3.1. Tumor enhancement through TEBEQ
Fig. 2 shows two different examples of the lesion enhancement using the TEBEQ method. Also shown are the images before equalization for comparison. As seen, the tumors are clearly enhanced following the application of the TEBEQ method. Also shown are the radiologist identified lesions highlighted in yellow around the tumor for reference.
Fig. 2.
Two examples of TEBEQ with lesion hand-labled by radiologist in yellow.

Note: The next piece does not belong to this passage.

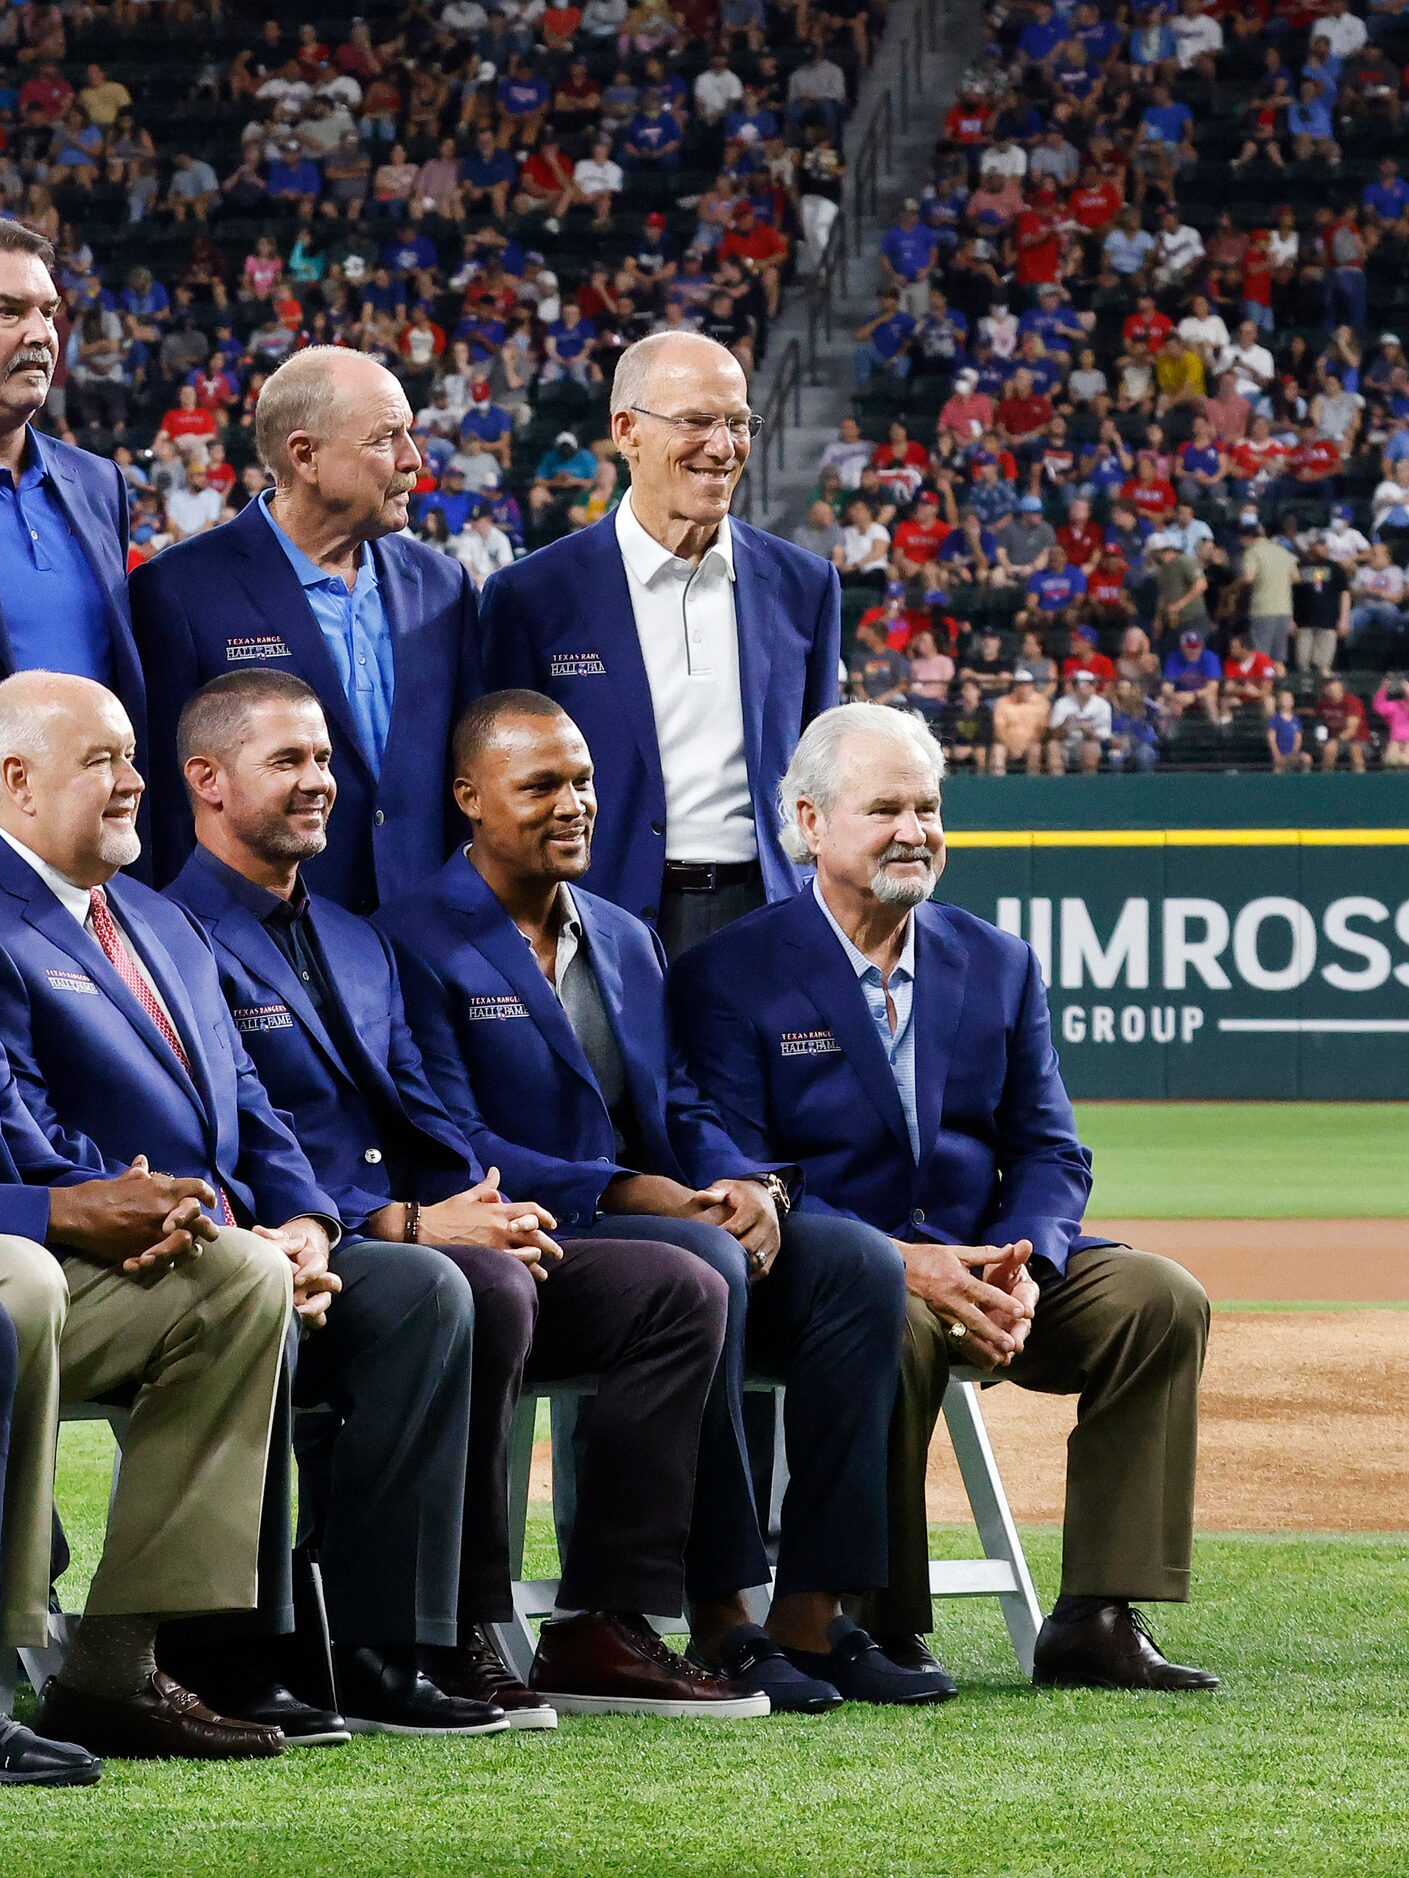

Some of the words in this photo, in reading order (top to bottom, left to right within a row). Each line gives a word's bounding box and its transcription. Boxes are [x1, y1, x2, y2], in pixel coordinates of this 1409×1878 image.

3.2. Volumetric Lesion Detection
An experienced radiologist (> 10 years) with several years of experience in analyzing DECT images identified a random set of 64 different lesions from 10 patients completely blinded to the algorithm detection. The lesions detected by the algorithm were compared to those found by the radiologist. Our method correctly matched 50 of the 64 identified lesions (78% hit rate). Although there were more lesions present and detected (1168) from the images, the radiologist only identified a subset of prominent lesions from a single slice from each patient (the algorithm generated a volumetric segmentation). A subset of the patient lesions were visually validated by the radiologist. Examples of algorithm and radiologist identified lesions are shown in Fig. 3. The top row shows the original images with lesions hand-labeled by the radiologist, while the bottom row shows the automated lesion segmentation.
Fig. 3.
Top: examples of patient scans with label hand drawn by the radiologist overlaid in yellow. Bottom: results of our algorithm.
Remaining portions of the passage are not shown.